## TASK INPUTS
- Opening Delimiter -
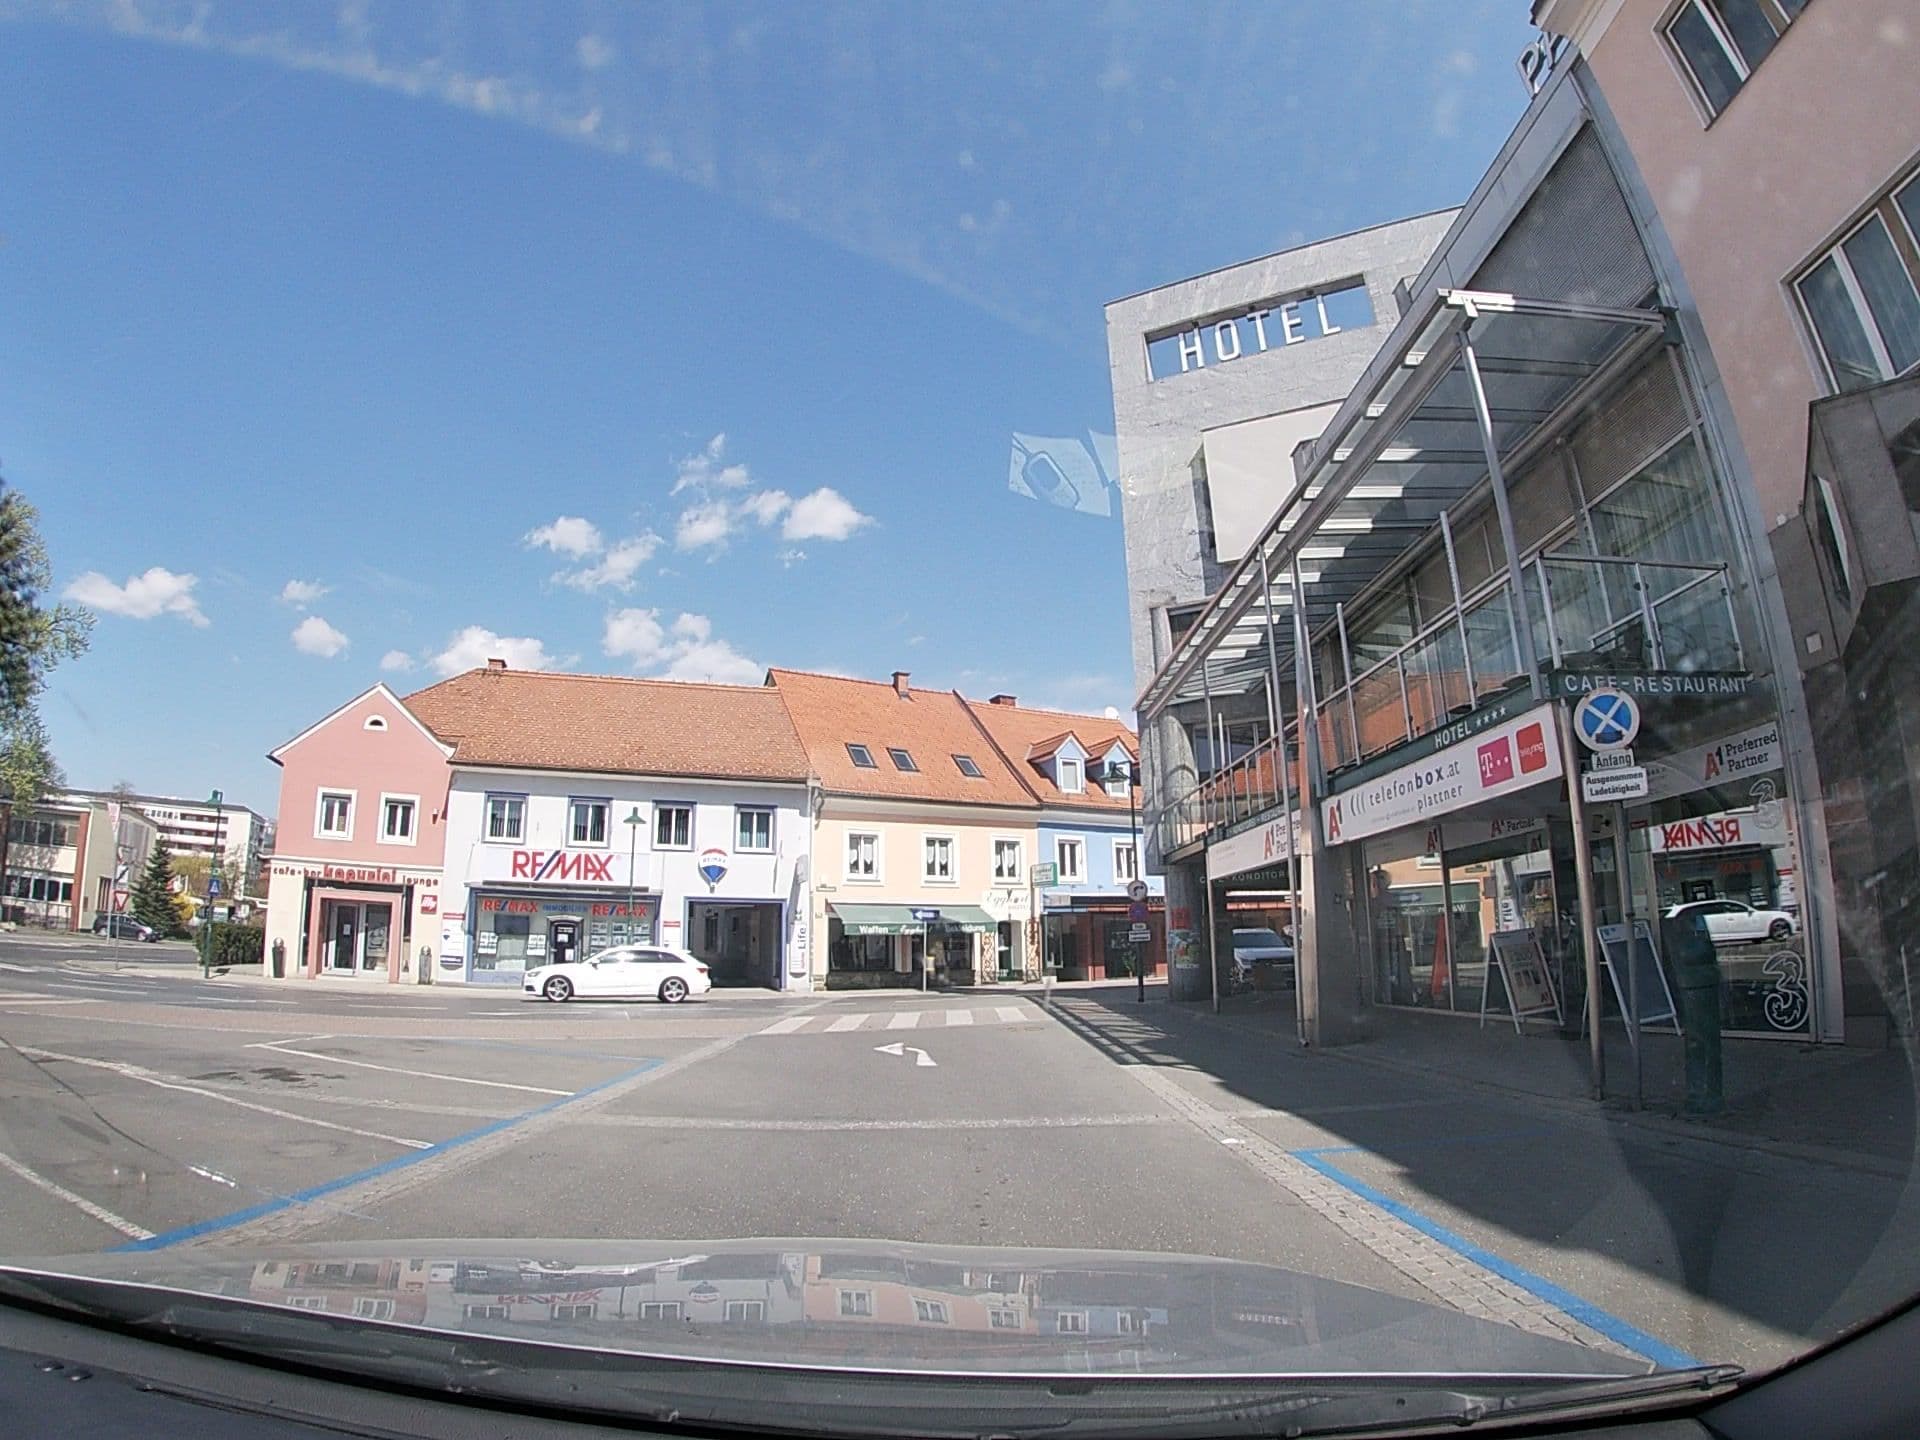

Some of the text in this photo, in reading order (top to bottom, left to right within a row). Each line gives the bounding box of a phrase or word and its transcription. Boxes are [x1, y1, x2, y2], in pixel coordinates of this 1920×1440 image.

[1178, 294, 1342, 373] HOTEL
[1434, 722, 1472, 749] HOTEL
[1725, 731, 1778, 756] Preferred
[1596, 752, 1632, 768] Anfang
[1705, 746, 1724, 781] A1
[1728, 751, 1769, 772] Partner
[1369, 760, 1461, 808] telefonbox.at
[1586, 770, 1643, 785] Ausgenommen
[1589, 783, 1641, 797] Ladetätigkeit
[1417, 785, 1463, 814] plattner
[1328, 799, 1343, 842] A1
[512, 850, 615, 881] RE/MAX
- Closing Delimiter -
Give the data again word for word, without images.

Some of the text in this photo, in reading order (top to bottom, left to right within a row). Each line gives the bounding box of a phrase or word and its transcription. Boxes are [x1, y1, x2, y2], in pixel coordinates of this 1920×1440 image.

[1178, 294, 1342, 373] HOTEL
[1434, 722, 1472, 749] HOTEL
[1725, 731, 1778, 756] Preferred
[1596, 752, 1632, 768] Anfang
[1705, 746, 1724, 781] A1
[1728, 751, 1769, 772] Partner
[1369, 760, 1461, 808] telefonbox.at
[1586, 770, 1643, 785] Ausgenommen
[1589, 783, 1641, 797] Ladetätigkeit
[1417, 785, 1463, 814] plattner
[1328, 799, 1343, 842] A1
[512, 850, 615, 881] RE/MAX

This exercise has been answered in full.